>>>
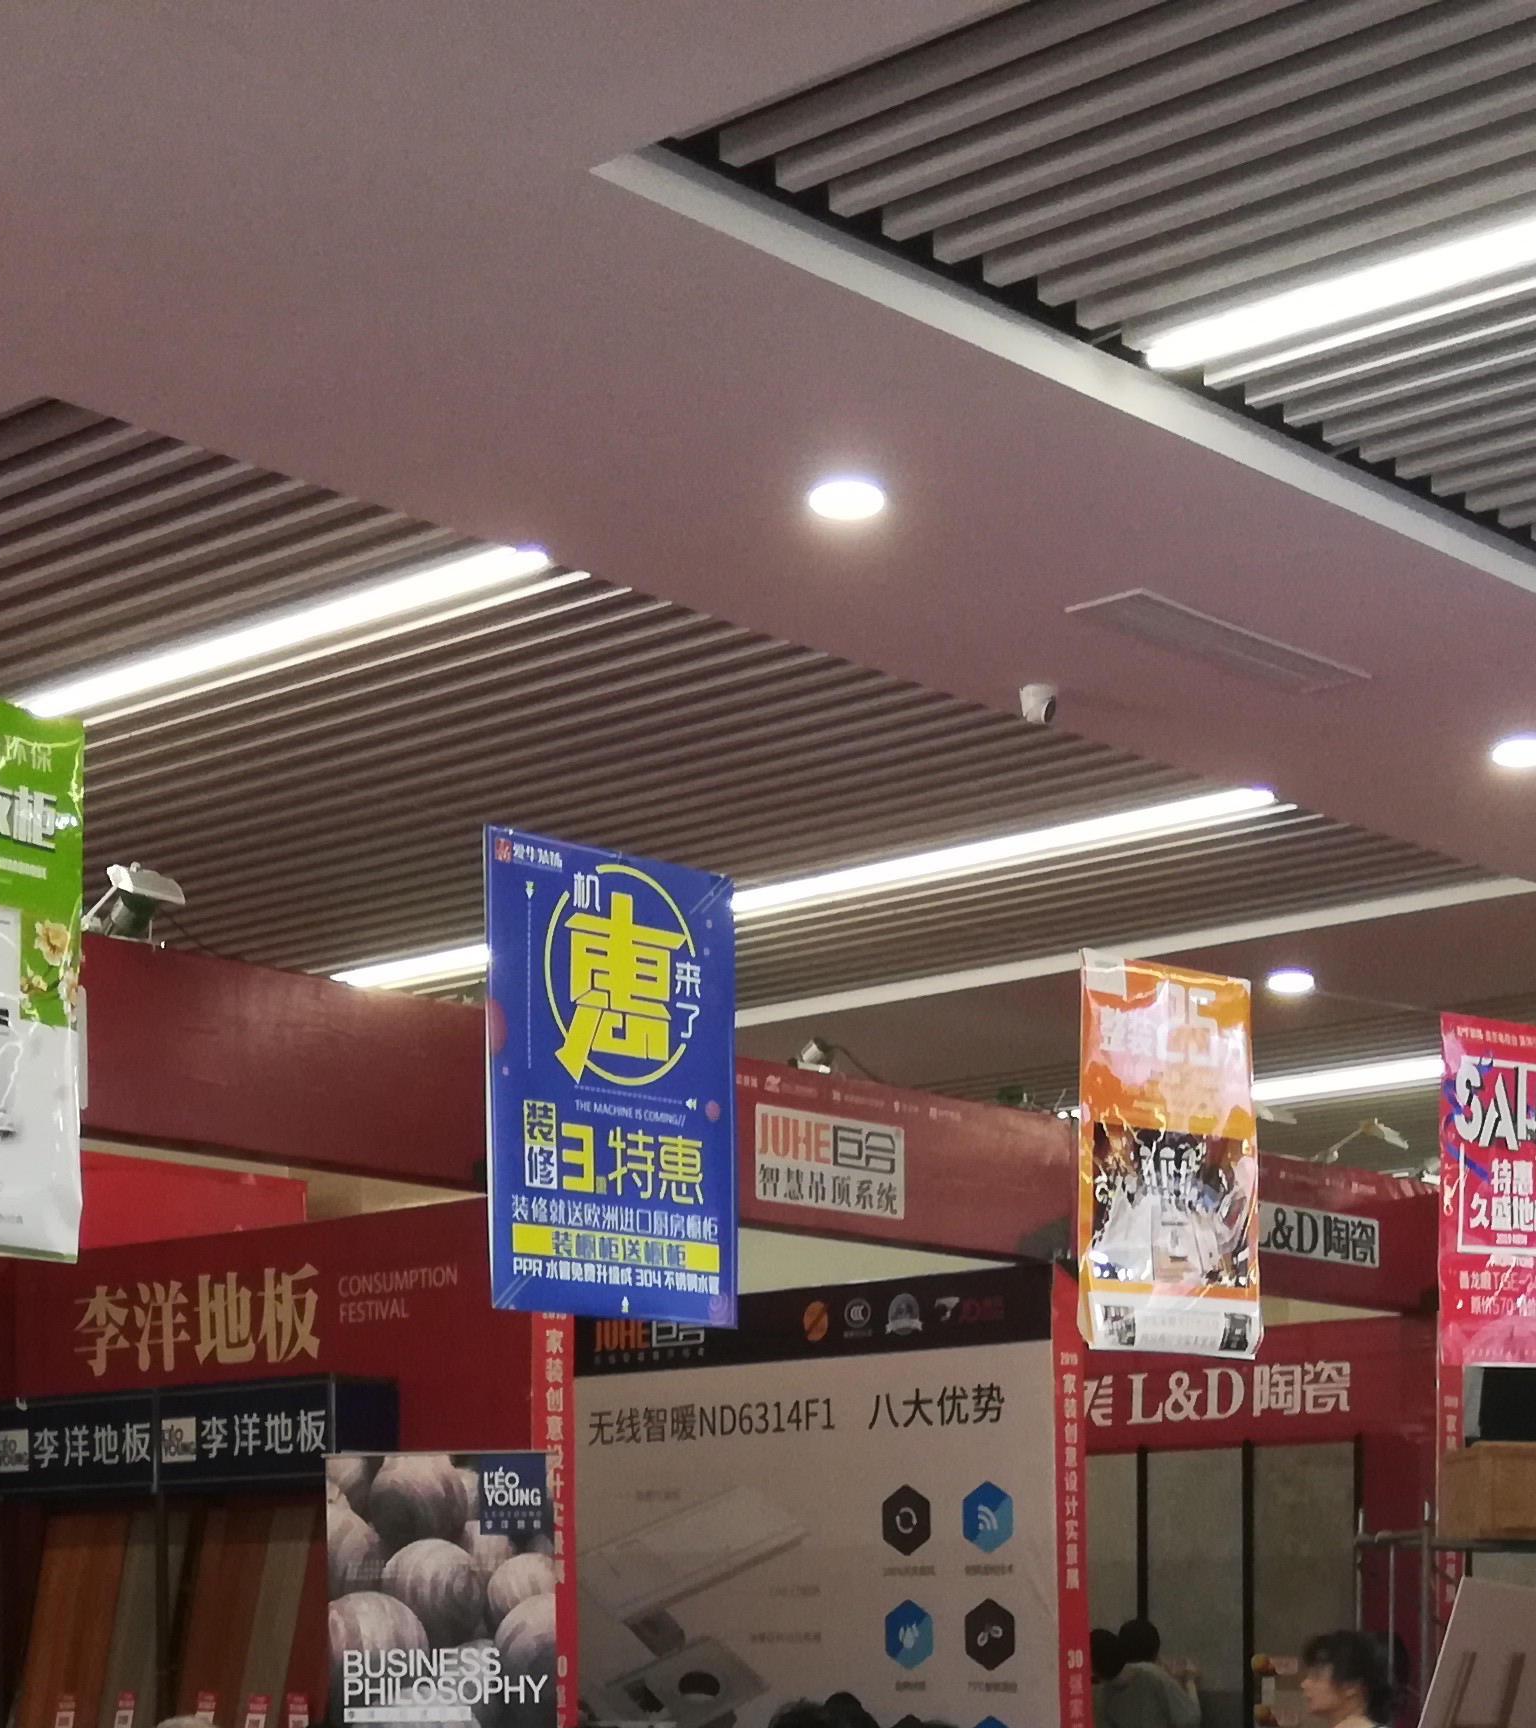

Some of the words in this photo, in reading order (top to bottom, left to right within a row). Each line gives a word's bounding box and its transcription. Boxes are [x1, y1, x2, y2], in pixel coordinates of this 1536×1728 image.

[526, 1102, 556, 1188] 装修
[607, 1126, 705, 1205] 特惠
[759, 1112, 831, 1165] JUHE
[758, 1163, 898, 1215] 智慧吊顶系统
[1322, 1214, 1377, 1265] 陶瓷
[338, 1262, 459, 1299] CONSUMPTION
[513, 1257, 542, 1278] PPR
[635, 1268, 662, 1289] 304
[72, 1262, 322, 1379] 李洋地板
[338, 1298, 410, 1325] FESTIVAL
[587, 1395, 836, 1447] 无线智暖ND6314F1
[868, 1382, 1006, 1432] 八大优势
[1126, 1367, 1246, 1426] L&D
[1252, 1360, 1351, 1418] 陶瓷
[32, 1421, 152, 1470] 李洋地板
[201, 1408, 328, 1459] 李洋地板
[485, 1488, 542, 1507] YOUNG
[342, 1648, 502, 1679] BUSINESS
[343, 1674, 549, 1707] PHILOSOPHY
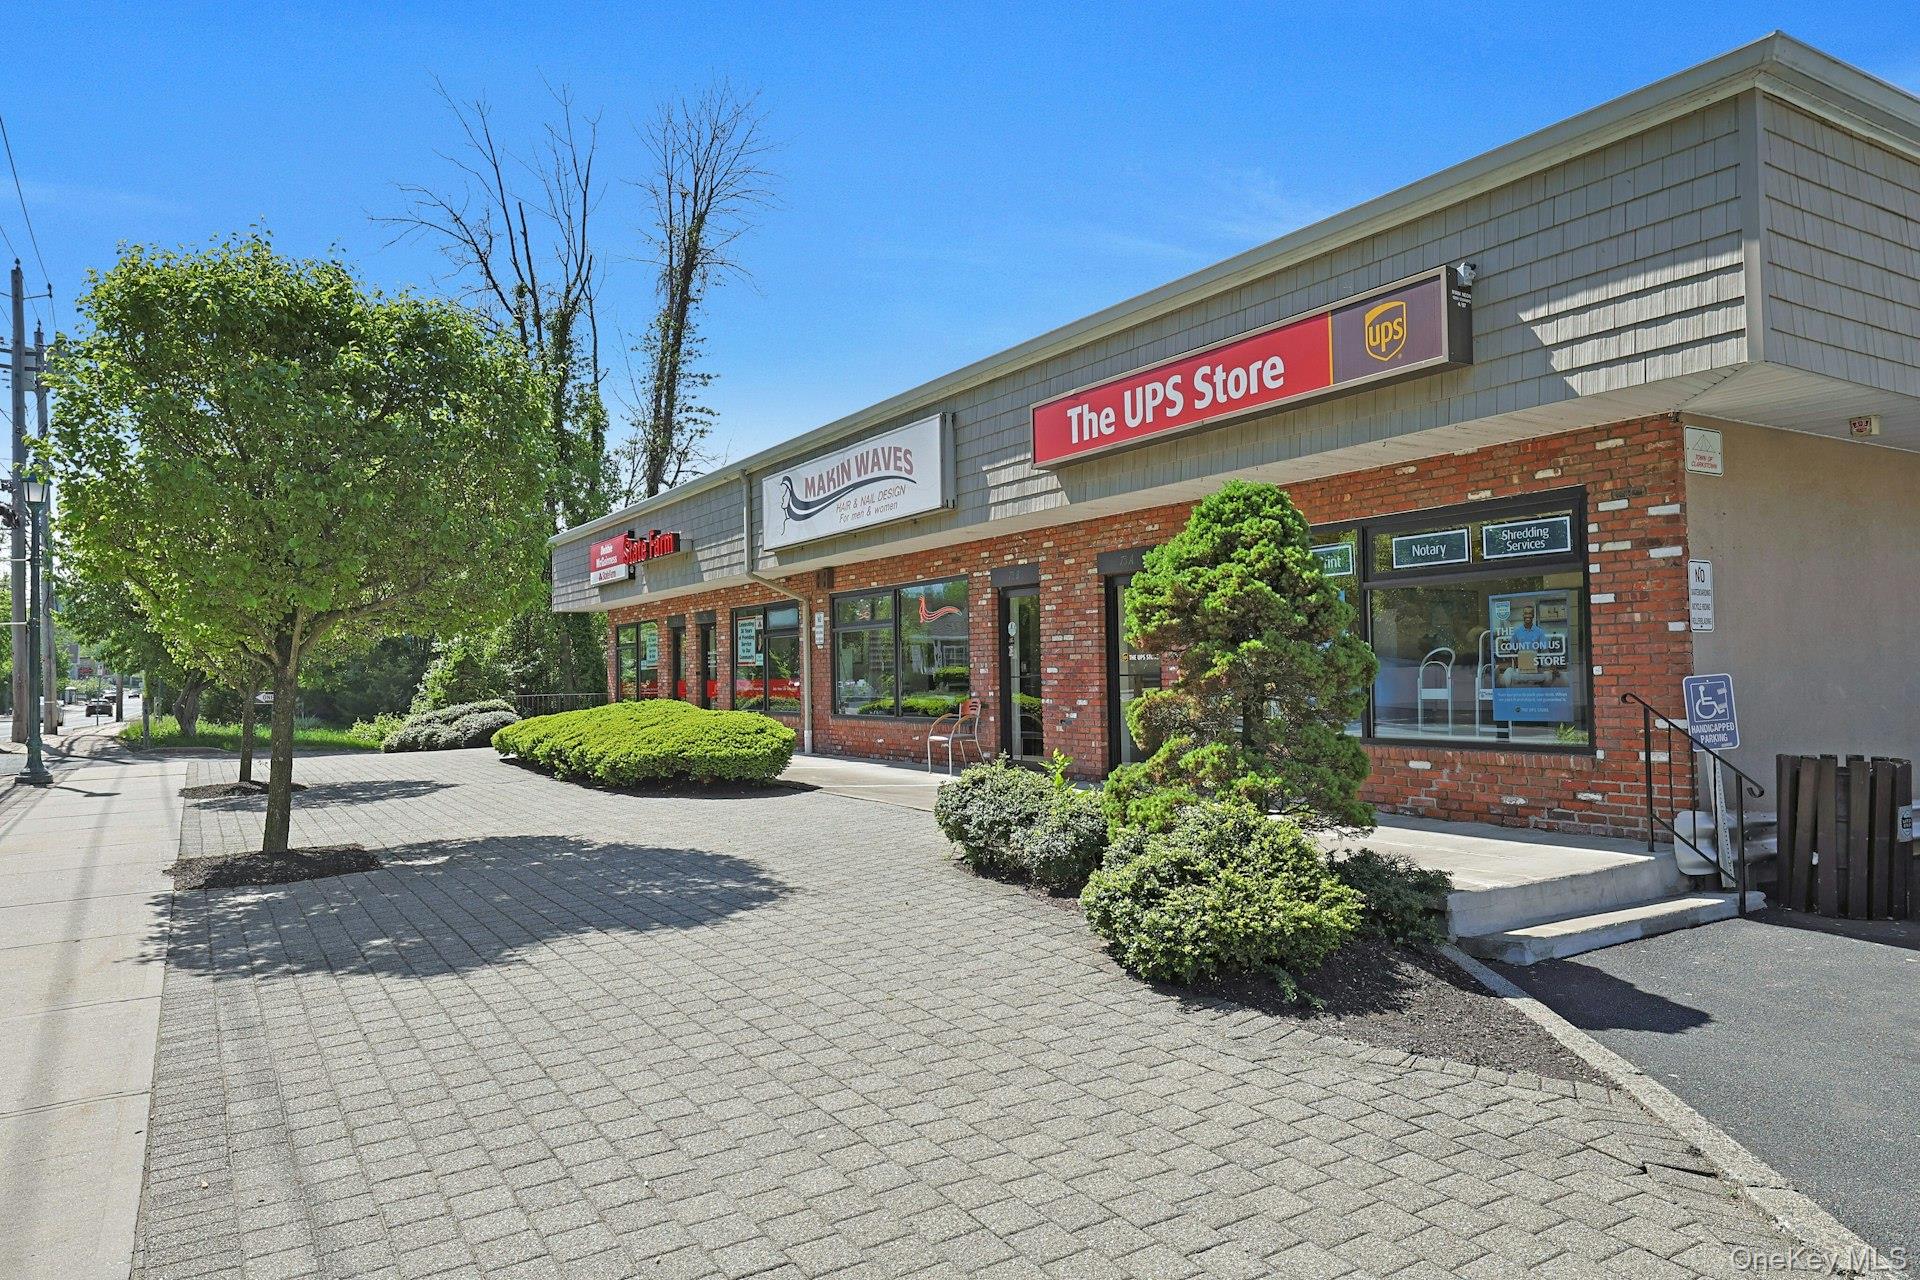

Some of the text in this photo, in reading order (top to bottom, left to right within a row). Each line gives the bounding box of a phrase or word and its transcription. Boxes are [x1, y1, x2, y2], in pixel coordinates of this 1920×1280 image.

[1368, 317, 1404, 352] ups
[1066, 355, 1285, 445] The UPS Store
[804, 446, 914, 498] MAKIN WAVES
[836, 484, 906, 513] HAIR & NAIL DESIGN
[840, 501, 898, 523] For men & women
[1500, 526, 1550, 542] Shredding
[623, 530, 673, 564] State Farm
[1412, 543, 1447, 558] Notary
[1506, 538, 1546, 552] Services
[1695, 568, 1706, 583] NO
[1496, 626, 1515, 636] THE
[1500, 640, 1560, 651] COUNT ON US
[1533, 656, 1566, 666] STORE
[1691, 722, 1735, 733] HANDICAPPED
[1700, 733, 1728, 744] PARKING
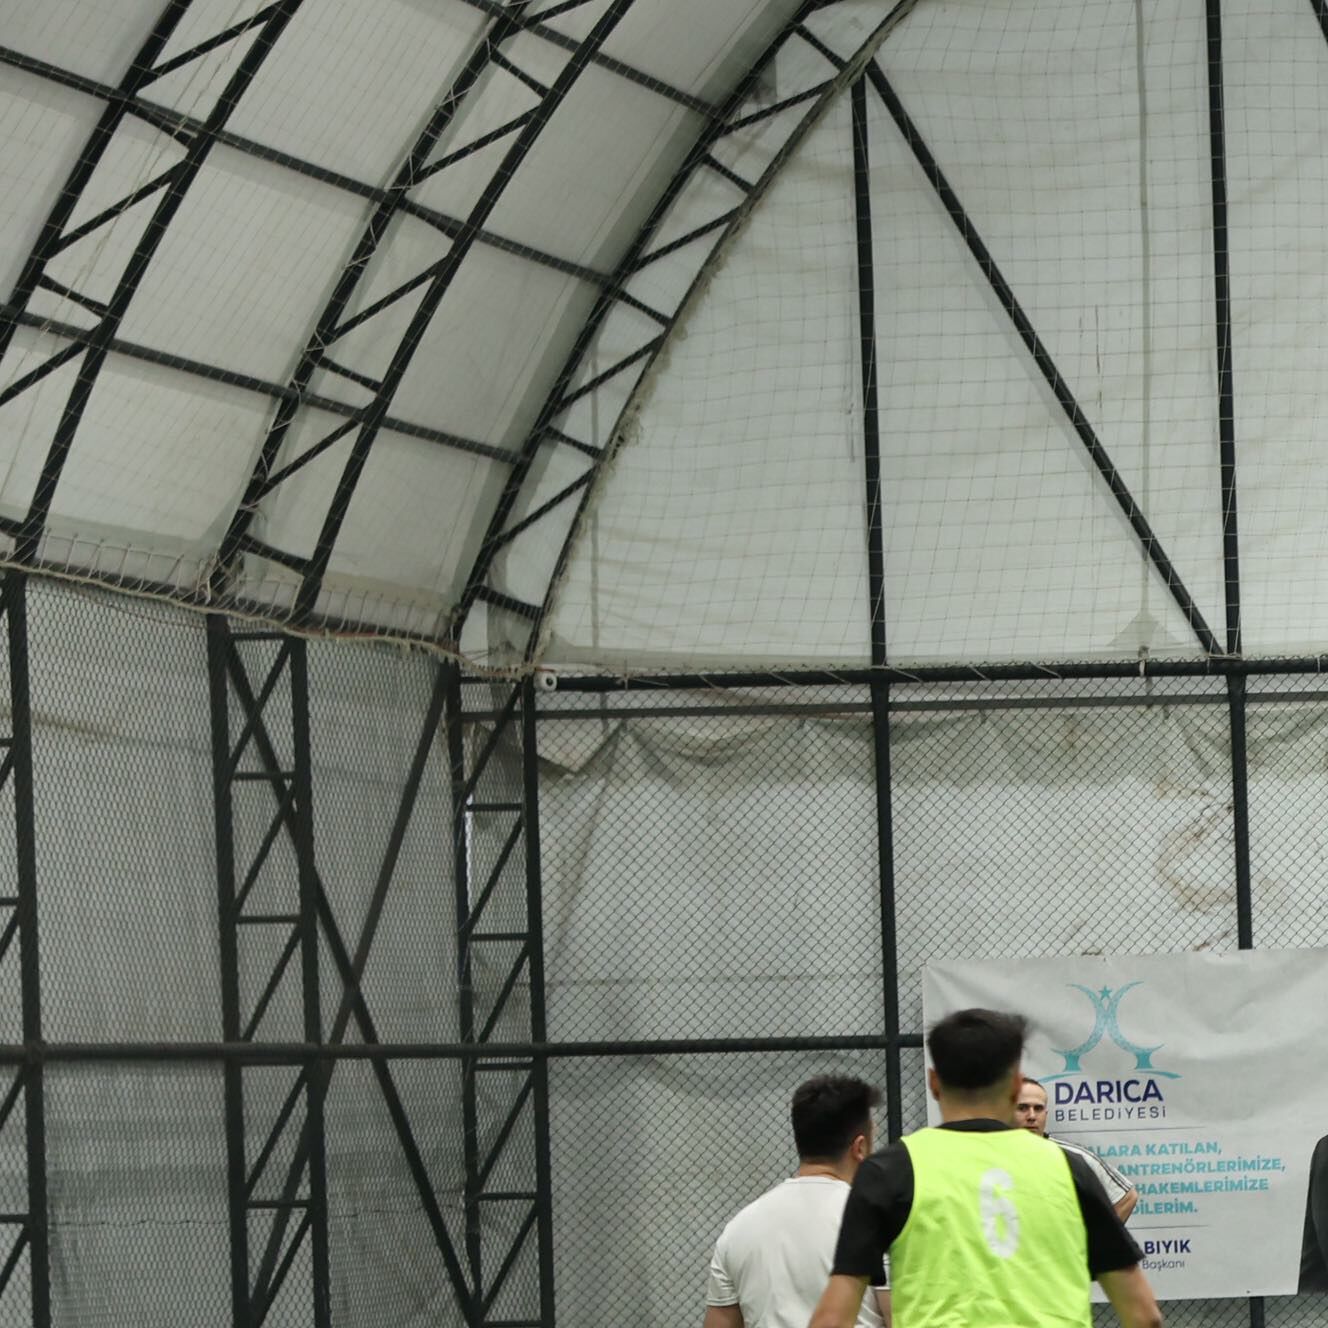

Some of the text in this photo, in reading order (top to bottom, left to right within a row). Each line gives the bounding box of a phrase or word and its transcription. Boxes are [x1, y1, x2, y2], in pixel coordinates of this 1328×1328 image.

[1055, 1079, 1164, 1105] DARICA
[1085, 1141, 1222, 1157] ALARA KATILAN,
[1135, 1176, 1269, 1195] HAKEMLERİMİZE
[979, 1167, 1021, 1260] 6
[1144, 1239, 1192, 1255] BIYIK
[1142, 1259, 1185, 1272] Başkanı
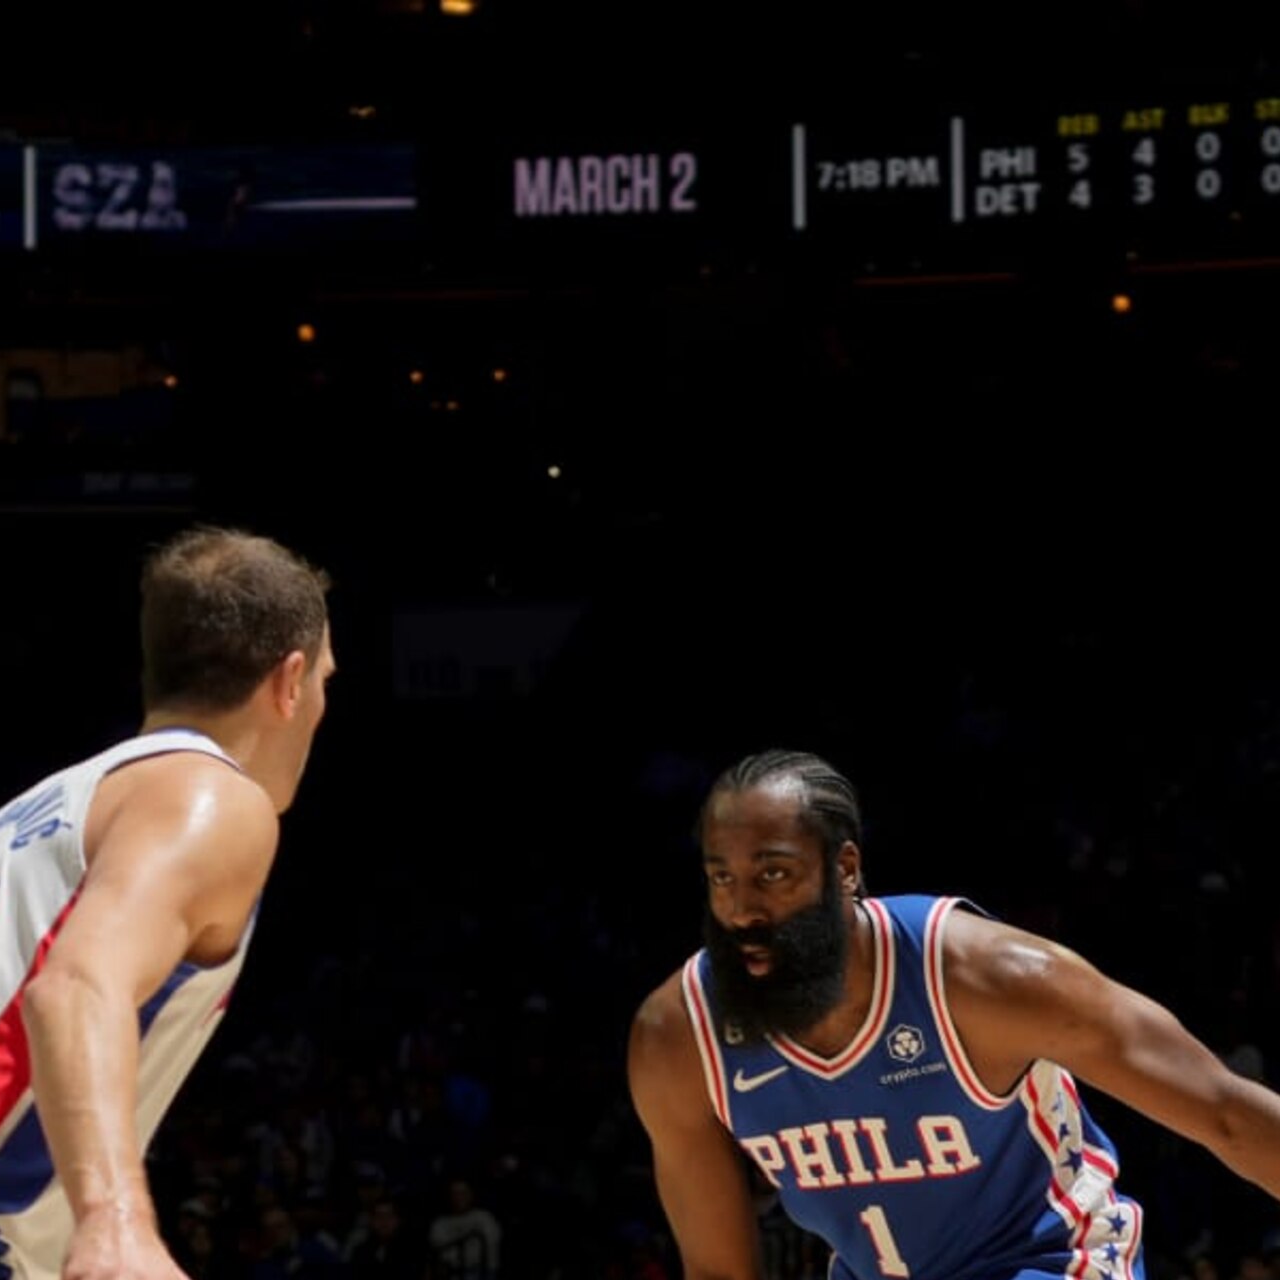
<<<
• _Prompt_
From the line containing "this 1920×1280 image." down to the end of the listing above, every line is to be returned exactly, though the pictures are not.

• _Completed task_
Some of the text in this photo, in reading order (top to bottom, left to right within a row). Each line gives the bounding box of a phrase or word and its transcription. Boxes are [x1, y1, x2, y2], in pixel coordinates of this 1920×1280 image.

[1368, 317, 1404, 352] ups
[1066, 355, 1285, 445] The UPS Store
[804, 446, 914, 498] MAKIN WAVES
[836, 484, 906, 513] HAIR & NAIL DESIGN
[840, 501, 898, 523] For men & women
[1500, 526, 1550, 542] Shredding
[623, 530, 673, 564] State Farm
[1412, 543, 1447, 558] Notary
[1506, 538, 1546, 552] Services
[1695, 568, 1706, 583] NO
[1496, 626, 1515, 636] THE
[1500, 640, 1560, 651] COUNT ON US
[1533, 656, 1566, 666] STORE
[1691, 722, 1735, 733] HANDICAPPED
[1700, 733, 1728, 744] PARKING

Some of the text in this photo, in reading order (top to bottom, left to right within a row). Each line gives the bounding box of a phrase or word and its transcription. Boxes are [x1, y1, x2, y2], in pixel coordinates of this 1328×1328 image.

[1055, 1079, 1164, 1105] DARICA
[1085, 1141, 1222, 1157] ALARA KATILAN,
[1135, 1176, 1269, 1195] HAKEMLERİMİZE
[979, 1167, 1021, 1260] 6
[1144, 1239, 1192, 1255] BIYIK
[1142, 1259, 1185, 1272] Başkanı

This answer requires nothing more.